EGYPT is in danger of falling into the hands of Islamic fundamentalists, though not soon.
Islamic groups in and outside Egypt, with the active support of Iran, view the fall of President Hosni Mubarak's regime as the key to the success of the Islamic revolution.
The establishment of an Iran-like Shari'a regime in Egypt would have a catastrophic domino effect on the rest of the Arab states. It would put an end to the Egyptian-Israeli peace, torpedo the Arab-Israeli peace process, and dramatically undermine American interests throughout the Middle East.
Although in the short term the Mubarak government has the capability and will to overcome the immediate danger, debilitating socio-economic conditions make it impossible to marginalize fundamentalism in Egypt permanently. Widespread poverty, chronic lack of housing, and inability to provide for the poor - coupled with a 20 percent unemployment rate, keep the level of frustration and resentment very high.
Many Egyptians blame the government for a lack of planning for the future. The Egyptian population (currently 56 million) is growing by 1 million every 10 months and consumes more than it produces. Egypt's foreign debt, largely a result of its trade deficit, has reached a staggering $58 billion. The nation's gross national product (GNP) per capita is frozen at $700 a year. Governmental and private-sector corruption are rampant, and much of the bureaucracy is approaching a state of paralysis.
Islamic fundamentalists exploit the situation by offering some relief to the poor and providing shelter and some medical assistance to many despondent Egyptians. For millions of young and unemployed Egyptians, Islam offers a real alternative.
Sheikh Omar Abdel-Rahman stands at center stage of this national discontent and defiance. Millions of followers organized under Gamaa Islamiya, the Islamic group (comprised of some 45 Islamic factions), listen to his violent sermons charging them to wage a holy war to topple the Mubarak government and establish an Islamic republic. In recent months as the fundamentalists have become bolder they have increased their violent attacks on Coptic Christians, tourist sites and against police to steal weapons an d demoralize the force.

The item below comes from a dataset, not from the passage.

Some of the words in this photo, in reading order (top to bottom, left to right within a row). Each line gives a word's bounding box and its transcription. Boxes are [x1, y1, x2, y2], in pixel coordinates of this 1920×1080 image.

Although the Mubarak government is undergoing some economic reforms, it relies heavily on repression to neutralize the fundamentalists as a political force. But repression offers only temporary respite. The fundamentalists will regroup and, at the appropriate time, resurface to wage their holy war. What is needed is a "revolutionary" approach to Egypt's social and economic problems, with extensive outside financial and technical help. The US needs to orchestrate, with the active participation of those st ates which have a stake in the survival of Egypt as a secular republic, a sort of "Marshall Plan" for Egypt. The plan should have three main components: economic, security, and political.
The economic package should include, among other things, increasing direct financial assistance from the United States, the Gulf states, Germany, and Japan from the total current level of $4 billion to $5 billion to $6 billion to $7 billion a year. The Egyptian government should streamline its archaic bureaucracy to encourage American and West European companies to substantially increase their investments in Egypt.

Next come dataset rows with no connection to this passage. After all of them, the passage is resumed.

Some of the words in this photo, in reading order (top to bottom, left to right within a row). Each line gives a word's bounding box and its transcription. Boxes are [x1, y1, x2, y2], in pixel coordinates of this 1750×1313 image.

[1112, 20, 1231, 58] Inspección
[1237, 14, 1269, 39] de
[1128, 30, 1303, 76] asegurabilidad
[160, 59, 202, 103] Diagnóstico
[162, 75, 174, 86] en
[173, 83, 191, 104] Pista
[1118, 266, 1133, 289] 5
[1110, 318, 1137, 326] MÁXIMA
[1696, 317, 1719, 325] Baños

Rescheduling Egypt's foreign debt and reducing military expenditures would provide at least an additional $1 billion a year that could be channeled to building new infrastructure and creating badly needed jobs.
The security package should include further expansion of intelligence sharing between the US and Egypt, stepping-up cooperation to make it easier to track down fundamentalist activists and activities.
Moreover, the US should demonstrate its commitment to Egypt's security by expanding joint military maneuvers, increasing American naval visits to Egyptian ports and further augmenting US-Egypt strategic cooperation which might include the stockpiling of American military hardware in Egypt for use by either country in case of an emergency.
Finally, the US must lean very heavily on the Saudis and other Gulf states to cease their monetary contributions to fundamentalist groups throughout the Middle East. These payments of "ransom" to buy favors or time do not work and are self-defeating. They provide a life-line to many of these fanatic groups who are sworn to liquidate the same regimes that feed them. It was the same Islamic Group in Egypt, for example, that Mr. Sadat had nurtured to counterbalance the growing strength of the left that subs equently assassinated him.
On the political level, there is considerable merit to the Egyptian claim that the Arab-Israeli conflict drains much of their national energy and that early resolution of the conflict would help Egypt focus much more of its resources to fighting the fundamentalists.
Israel, Syria, Jordan and the Palestinians should have a panoramic view of the potential ominous dangers ahead. The future stability of the region depends largely on a stable Egypt. It is crucial that Israel and the Arab states, who will be most affected, understand that time is of the essence. The US must project that urgency by pushing the peace process forward.
Iran's clergy's single-minded ambition to dominate the Gulf dictated a two track strategy: (1) to build its military machine with mass destruction weapons and advance missile technology, which it is currently doing feverishly to intimidate its neighbors, and (2) to bring about the collapse of the Egyptian regime and its replacement by an Islamic fundamentalist government.
A bold and unambiguous commitment to Egypt by the Clinton administration will send an unmistakable message to Iran and to its surrogates that the US views Egypt's political stability and independence as no less important than Kuwait's, and that the US stands ready to defend those interests.